What Do I Have To Do?
The devotion of First Saturdays, as requested by Our Lady of Fatima, carries with it the assurance of salvation. However, to derive profit from such a great promise of Our Lady, the devotion must be properly understood and duly performed.
The requirements as stipulated by Our Lady are as follows:
(1) CONFESSION, (2) COMMUNION, (3) FIVE DECADES OF THE ROSARY, (4) MEDITATION ON ONE OR MORE OF THE ROSARY MYSTERIES FOR FIFTEEN MINUTES, (5) TO DO ALL THESE THINGS IN THE SPIRIT OF REPARATION TO THE IMMACULATE HEART OF MARY, and (6) TO OBSERVE ALL THESE PRACTICES ON THE FIRST SATURDAY OF FIVE CONSECUTIVE MONTHS.
(1) CONFESSION: A reparative confession means that the confession should not only be good (valid and licit), but also be offered in the spirit of reparation, in this case, to Mary's Immaculate Heart. This confession may be made on the First Saturday itself or some days before or after the First Saturday within the preceding octave would suffice.
(2) COMMUNION: The communion of reparation must be sacramental duly received with the intention of making reparation. This offering, like the confession, is an interior act and so no external action to express the intention is needed.

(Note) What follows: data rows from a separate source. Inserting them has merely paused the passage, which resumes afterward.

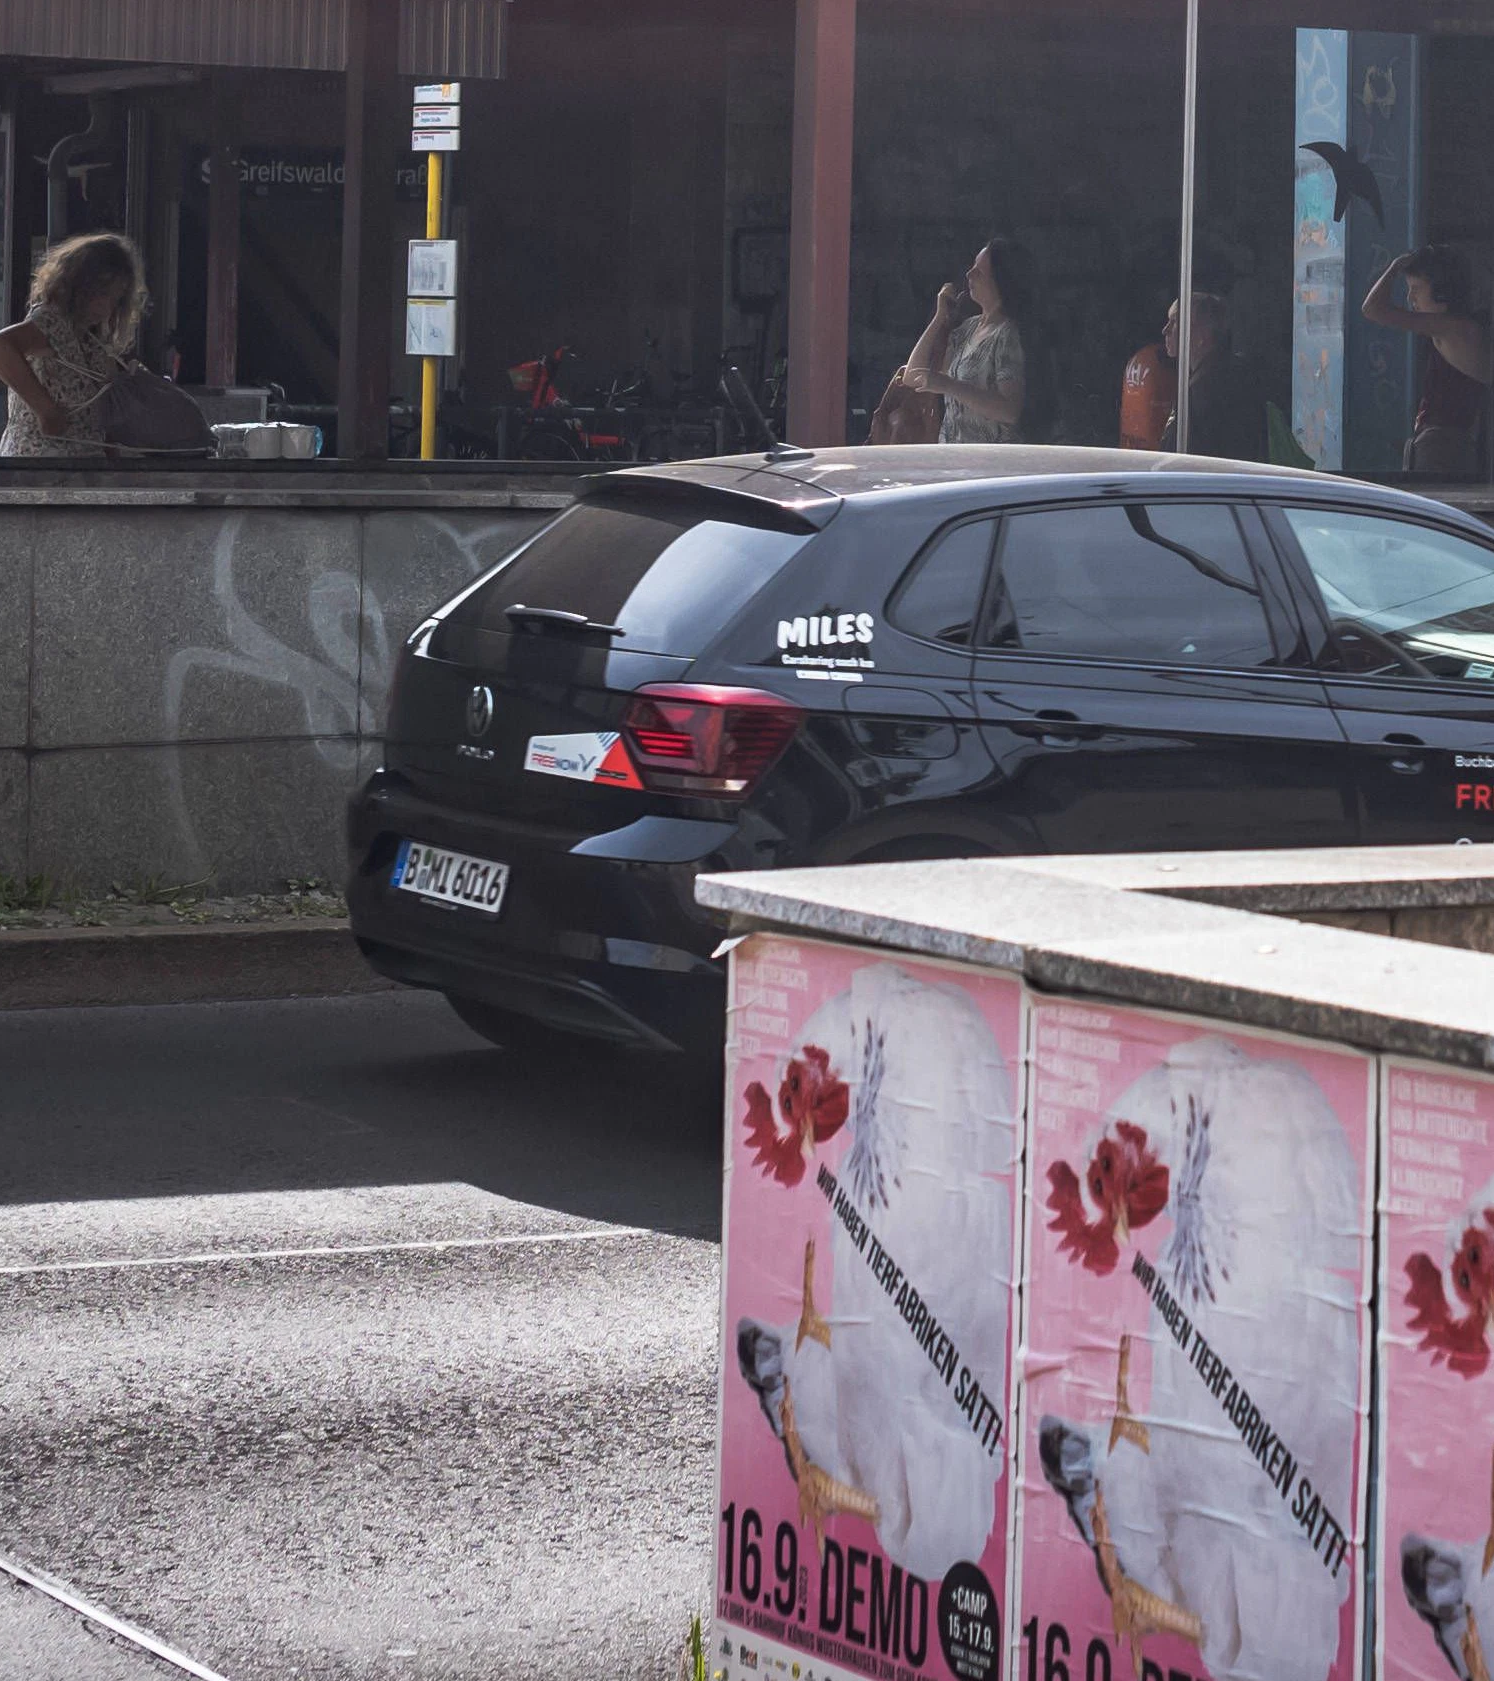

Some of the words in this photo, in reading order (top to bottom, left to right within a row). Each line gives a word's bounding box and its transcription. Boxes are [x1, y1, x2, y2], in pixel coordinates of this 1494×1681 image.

[776, 612, 875, 649] MILES
[404, 846, 422, 886] B
[452, 860, 507, 907] 6016
[833, 1186, 871, 1254] HABEN
[865, 1233, 960, 1388] TIERFABRIKEN
[953, 1365, 1004, 1458] SATT!
[1151, 1275, 1194, 1351] HABEN
[1188, 1328, 1299, 1501] TIERFABRIKEN
[1290, 1477, 1349, 1580] SATT!
[818, 1535, 929, 1668] DEMO

(3) THE ROSARY: The Rosary mentioned here was indicated by the Portuguese word 'terco' which is commonly employed to denote a Rosary of five decades, since it forms a fourth of the full Rosary of 20 decades. This too must recited in a spirit of reparation.
(4) MEDITATION FOR FIFTEEN MINUTES: Here the meditation on one mystery or more is to be made without simultaneous recitation of the Rosary decade. As indicated, the meditation may be either on one mystery alone for 15 minutes, or on all 20 mysteries, spending about one minute on each mystery, or again, on two or more mysteries during the period. This can also be made before each decade spending three minutes or more in considering the mystery of the particular decade. This meditation has likewise to be made in the spirit of reparation to the Immaculate Heart.
(5) THE SPIRIT OF REPARATION: All these acts, as said above, have to be done with the intention of offering reparation to the Immaculate Heart of Mary for the offences committed against Her. Everyone who offends Her commits, so to speak, a two-fold offence, for these sins also offend her Divine Son, Christ, and so endanger our salvation. They give bad example to others and weaken the strength of society to withstand immoral onslaughts. Such devotions therefore make us consider not only the enormity of the offence against God, but also the effect of sins on human society as well as the need for undoing these social effects even when the offender repents and is converted. Further, this reparation emphasises our responsibility towards sinners who, themselves, will not pray and make reparation for their sins.